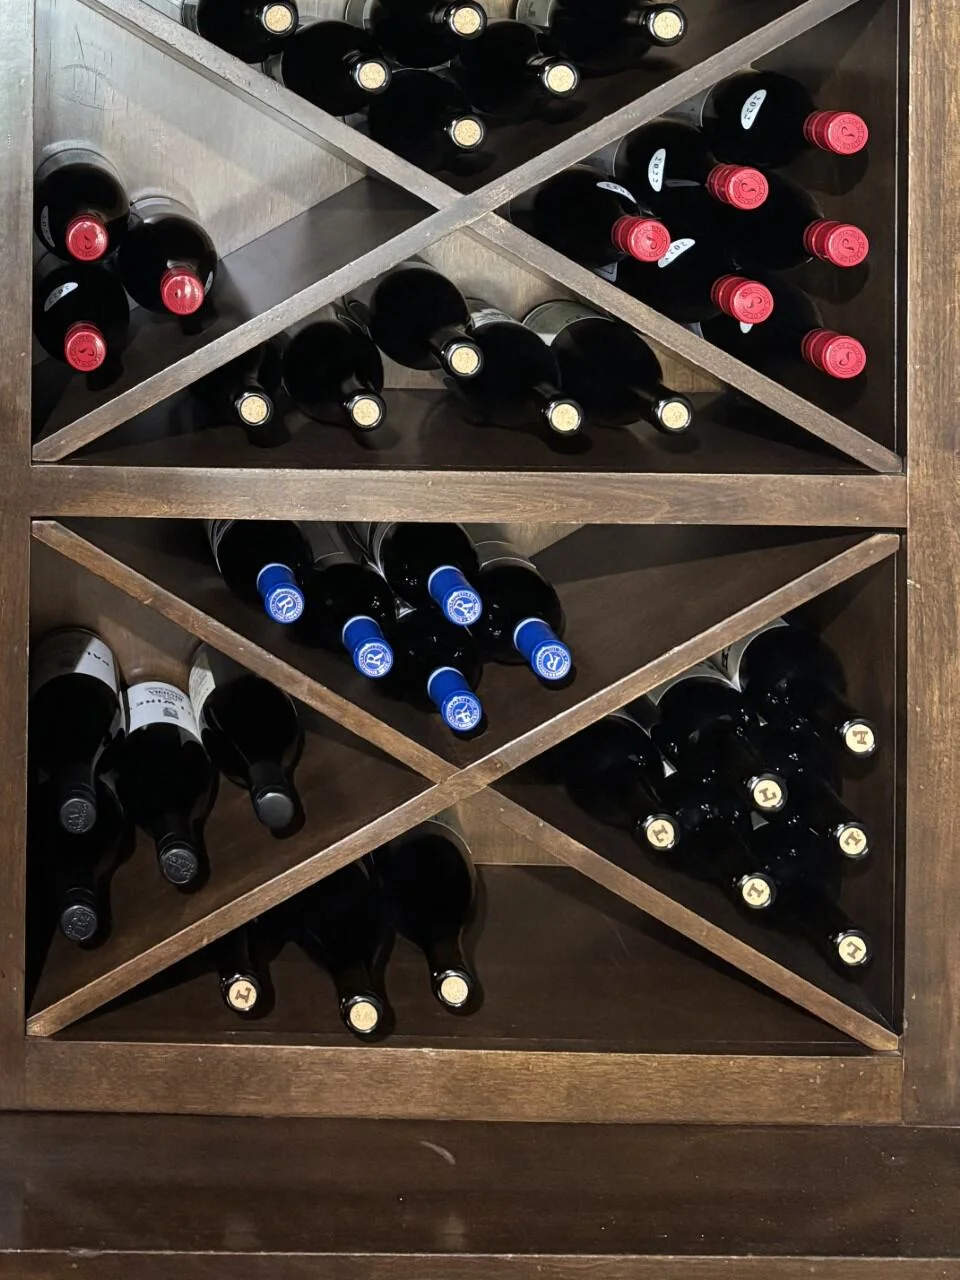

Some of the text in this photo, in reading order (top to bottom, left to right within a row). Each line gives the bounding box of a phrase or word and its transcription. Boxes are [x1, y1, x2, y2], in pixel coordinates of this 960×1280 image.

[278, 596, 294, 615] R
[454, 600, 473, 616] R
[366, 652, 384, 665] R
[546, 653, 561, 672] R
---
What is needed> Write out every line above exactly, minus images.

Finished exercise>
Some of the text in this photo, in reading order (top to bottom, left to right within a row). Each line gives the bounding box of a phrase or word and its transcription. Boxes are [x1, y1, x2, y2], in pixel coordinates of this 960×1280 image.

[278, 596, 294, 615] R
[454, 600, 473, 616] R
[366, 652, 384, 665] R
[546, 653, 561, 672] R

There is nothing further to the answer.